There are instances where, as directed by AD Bank, clarification was sought for a sector like cash-and-carry wholesale trading sector and the DPIIT clarified that the conditions stated therein do not constitute FDI-linked performance conditions, thereby allowing LLPs to operate in that sector and accept foreign investment under the automatic route.
Concluding Thoughts
The existing ambiguity in the definition of FDI-linked performance conditions which is creating confusion and resulting in erroneous treatment of sectors with mere procedural and compliance-based conditions as the sectorshaving FDI-linked performance conditions has a significant impact on the ability of LLPs (and companies in few cases) to receive FDI in several high-potential sectors. Sectors such as wholesale trading, manufacturing, agriculture and allied activities, pharmaceuticals (particularly greenfield projects), and regulated financial services often fall into this grey area. As a result, only a limited number of sectors such as software development and business consultancy services, which have no sectoral conditions, remain fully open for LLPs and non-operational companies to attract foreign investment.
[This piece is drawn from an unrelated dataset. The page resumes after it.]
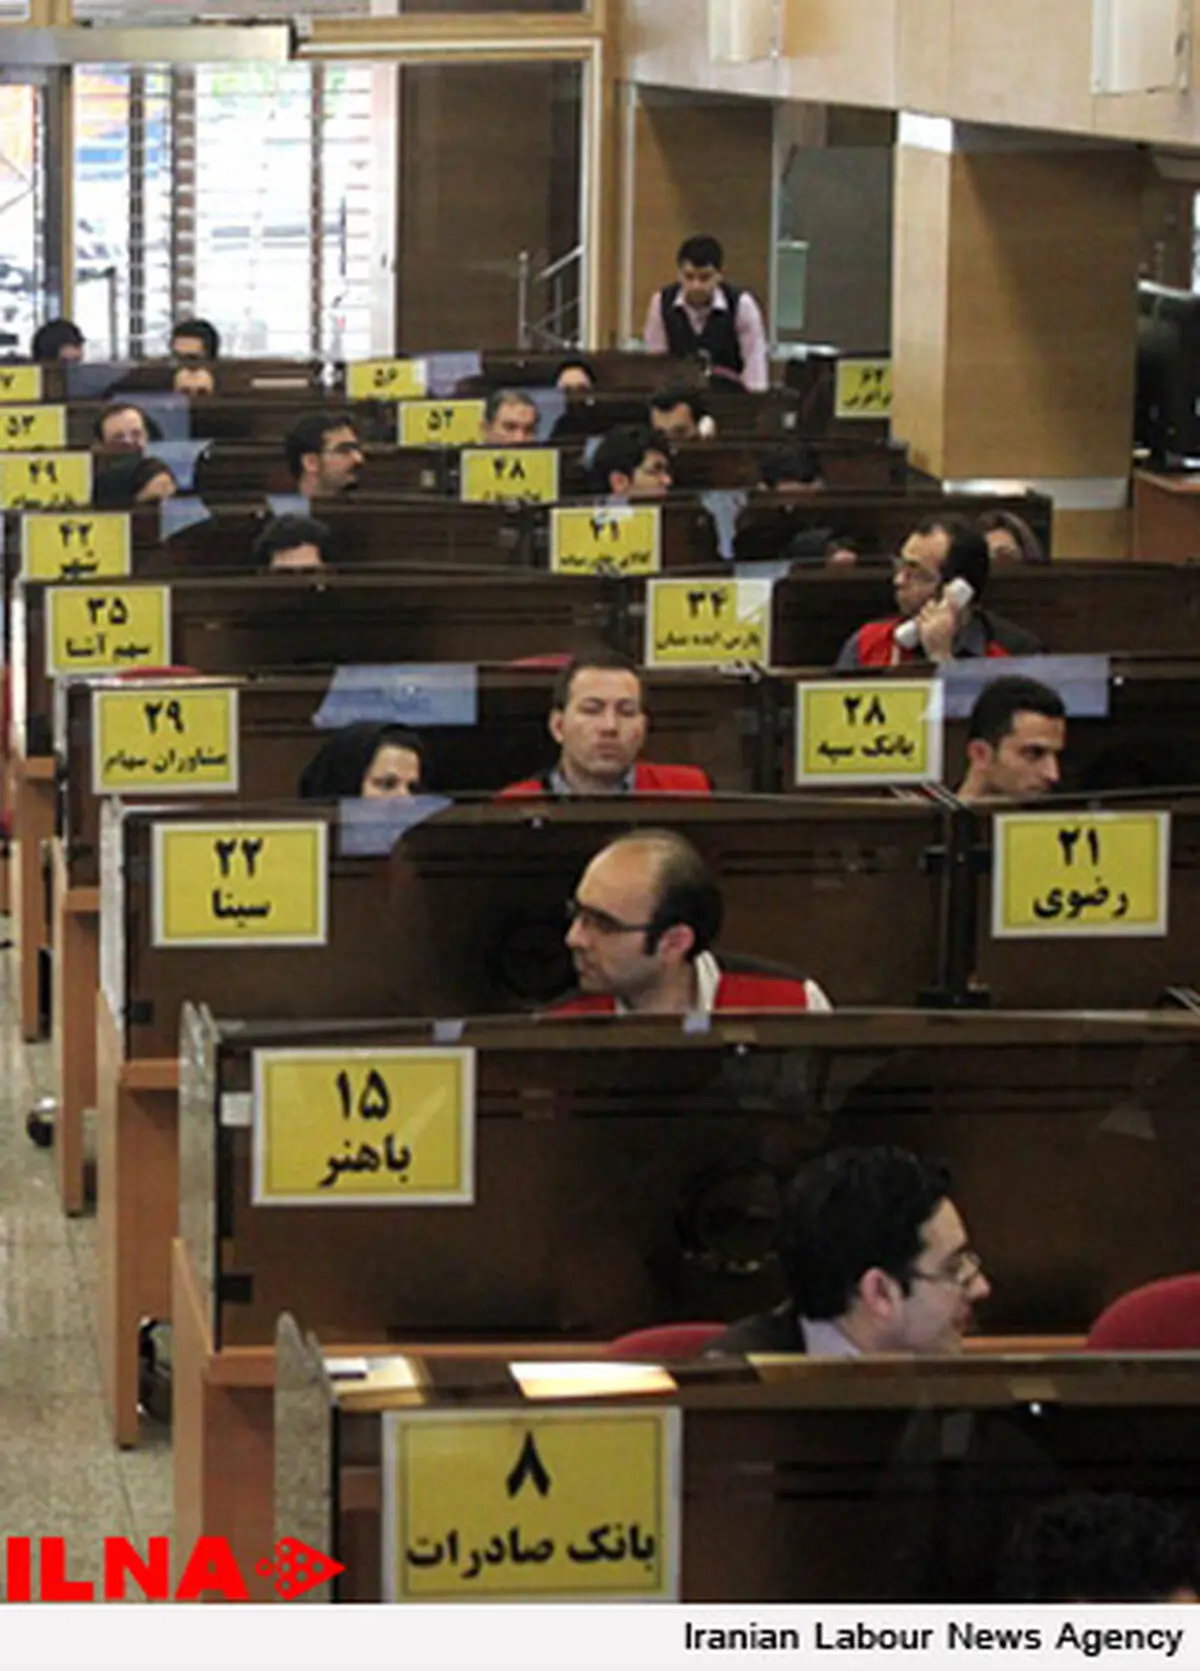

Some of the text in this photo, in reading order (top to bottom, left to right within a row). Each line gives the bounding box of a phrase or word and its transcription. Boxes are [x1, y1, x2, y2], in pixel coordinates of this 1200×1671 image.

This misinterpretation causes additional scrutiny by AD Banks and unnecessary referrals to DPIIT which, in turn, slows down the investment timelines and increase compliance costs. This undermines investor confidence and is inconsistent with India’s stated goal of enhancing ease of doing business. It also disproportionately affects LLPs and start-ups seeking to raise FDI in sectors with nuanced conditions.
To address this, the definition of “FDI-linked performance conditions” in NDI Rules be revised to distinguish clearly between performance-linked and compliance-based sectoral conditions. The government should issue illustrative guidance or sector-specific clarifications to help identify which conditions fall into each category. Ideally, such guidance should be incorporated into the FDI Policy or annexed to the NDI Rules. Additionally, applying this clarification retrospectively would provide much-needed relief and certainty to investors who have made investments in good faith, based on their interpretation of the law. Such reforms would improve regulatory clarity, reduce delays, and ensure that India's FDI framework remains attractive to investors. This clarity is especially important given the noticeable increase in LLP registrations in recent years compared to companies, indicating a growing preference for LLPs as the preferred business structure in India.